Knuth Got It Wrong
davecb writes "Think you've mastered the art of server performance? Think again. Poul-Henning Kamp, in an article at ACM Queue, finds an off-by-ten error in btrees, because they fail to take virtual memory into account. And he solves the problem in the open source 'Varnish' HTTP accelerator, for all of us to see and use."
"Who the hell are you and what are you doing in my house?"
Knuth's analysis is valid in the framework of his assumptions, and what is described in the linked article has been known as "cache oblivious b-tree" for not so short time.
10 times faster? Yawn. Wake me up when it's 11 times faster.
And wake me up when it's 1010 times faster.
What one fool can do, another can. (Ancient Simian Proverb)
link
That has to be the one of the better binary jokes around.
Knuth's analysis is valid in the framework of his assumptions, and what is described in the linked article has been known as "cache oblivious b-tree" for not so short time.
Yeah, using this logic, once quantum computers get to the point of solving general problems there's going to be an awful lot of people who "got it wrong" because their algorithms do not apply in a quantum computer. Advancements in technology causing algorithms & data structures to be tweaked means the original person who thought them up "got it wrong"? Ridiculous.
"Oh, RSA was brilliant. But they got it wrong. You see, they failed to account for xanxinglydiumapping in 2056 computers. Poor stupid wrong bastards."
My work here is dung.
There isn't any "off by ten error", and this isn't telling us anything we don't already know (in CS terms): implementation on an actual computer can be different in performance from an abstract machine.
What the author is saying (quite well) is that the virtual memory performance amounts to cache misses, which cause extra performance overhead. He found a case where it was significant and got a 10x speedup in his particular application.
The article is a little over-zealous its characterization, though it's careful to note that this is not actually a theoretical novelty. The summary, on the other hand, bastardizes and exaggerates it.
The article is interesting, and worth reading, but if you RTFS without RTFA you'll be dumber than you were before. Thanks, kdawson.
That's actually not the issue.
The issue is that in the real world, the assumptions underlying the calculation of algorithmic complexity may not hold. For instance, Knuth's analysis that the author of the article here holds to be misleading (not, as the Slashdot title suggests, "wrong") calculates the complexity based on the assumption of ideal random access memory, that is, memory for which all accesses are equal cost.

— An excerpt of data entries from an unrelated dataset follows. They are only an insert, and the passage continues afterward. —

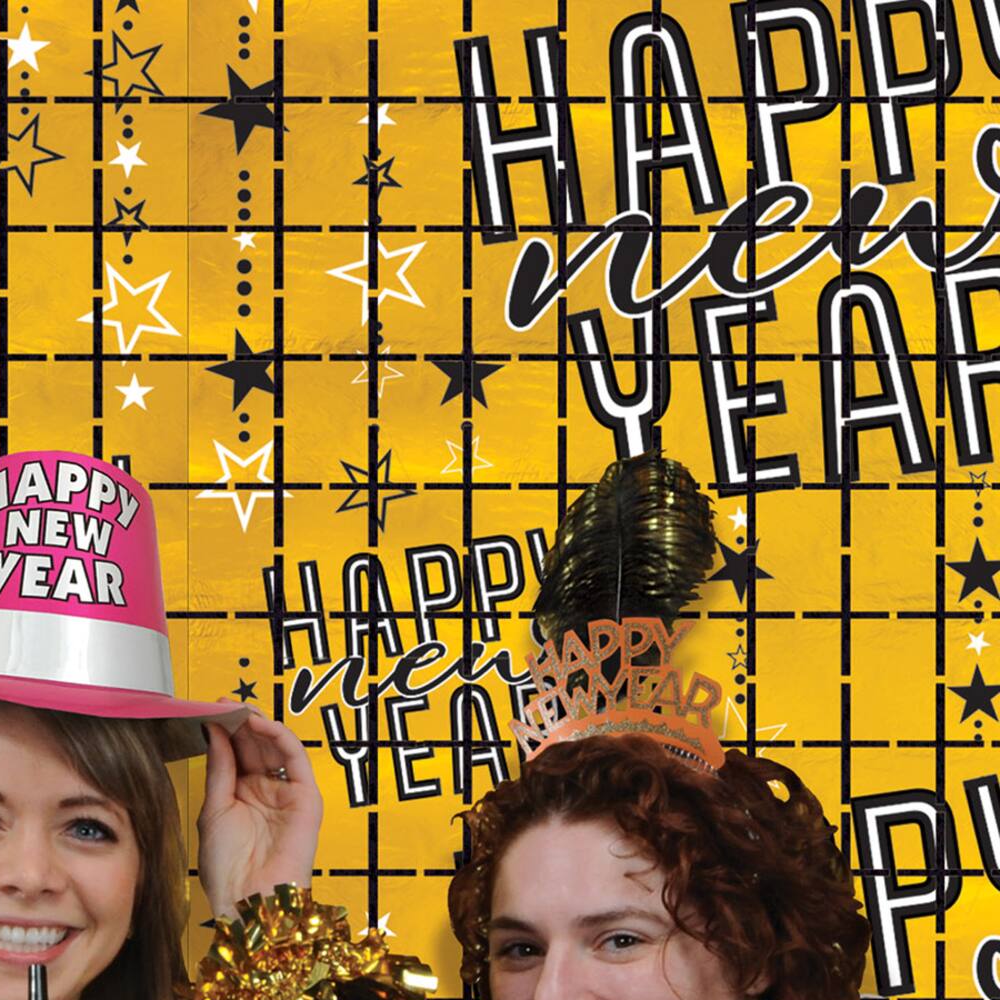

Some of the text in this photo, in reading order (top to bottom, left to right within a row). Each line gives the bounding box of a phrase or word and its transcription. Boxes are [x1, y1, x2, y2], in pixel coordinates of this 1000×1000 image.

[454, 0, 1000, 246] HAPP
[3, 507, 114, 557] NEW
[525, 617, 697, 693] HAPPY
[588, 666, 722, 729] YEAR
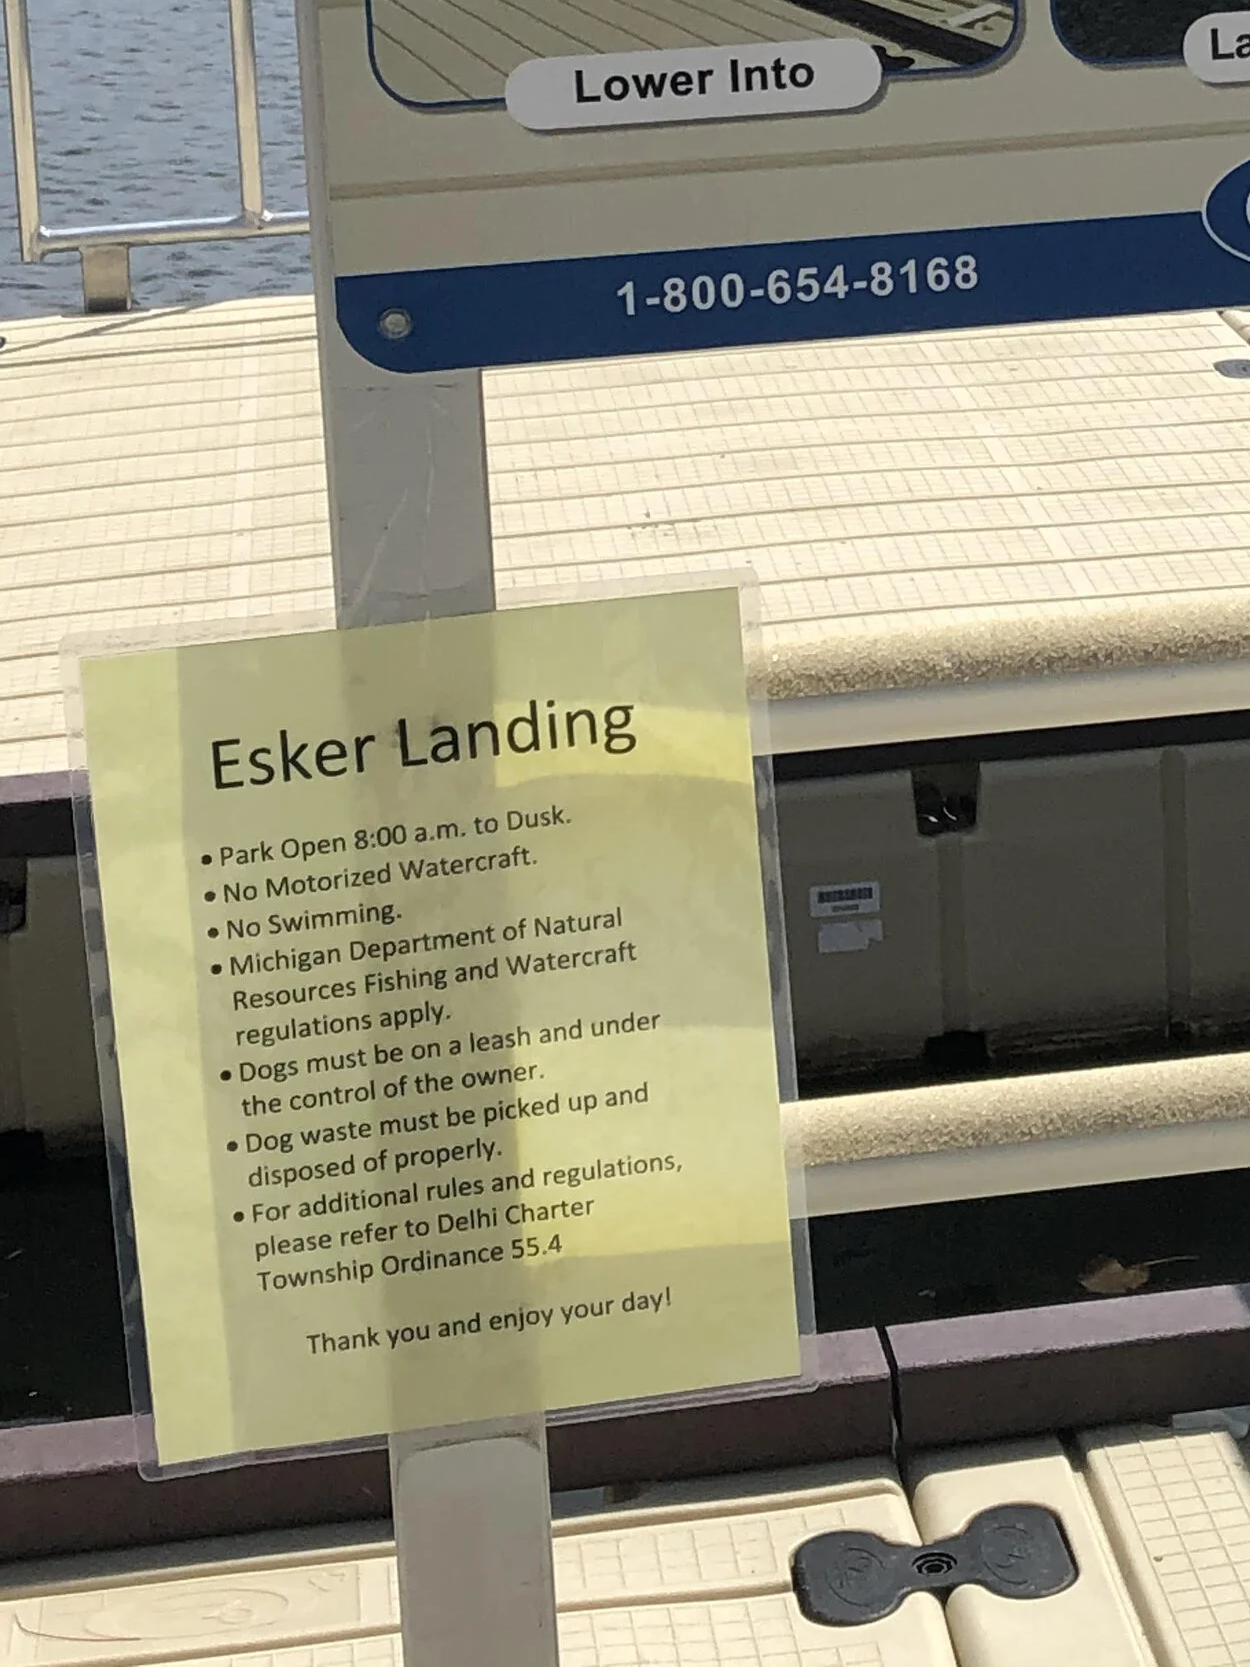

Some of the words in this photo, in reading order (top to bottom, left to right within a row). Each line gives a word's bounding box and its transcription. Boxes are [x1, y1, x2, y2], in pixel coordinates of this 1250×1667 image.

In real-world computers using caches (as pretty much all real-world computers do, often at many different levels) that assumption does not hold -- access to some parts of the memory address space are much more expensive than accesses to other parts of the address space, and which parts of the address space are expensive changes over time (and how it changes over time potentially depends on the caching strategy used at every level lower than the level at which the algorithm is implemented.)
This means that algorithms in the real world can scale worse than their theoretical "worst-case", if that theoretical worst-case scaling is based on the assumption of constant memory access cost, since that assumption does not hold in the real world.
How does one get from, "I have not found a systematic flaw in the quality of Knuth et al.'s reasoning" to "Knuth Got it Wrong"?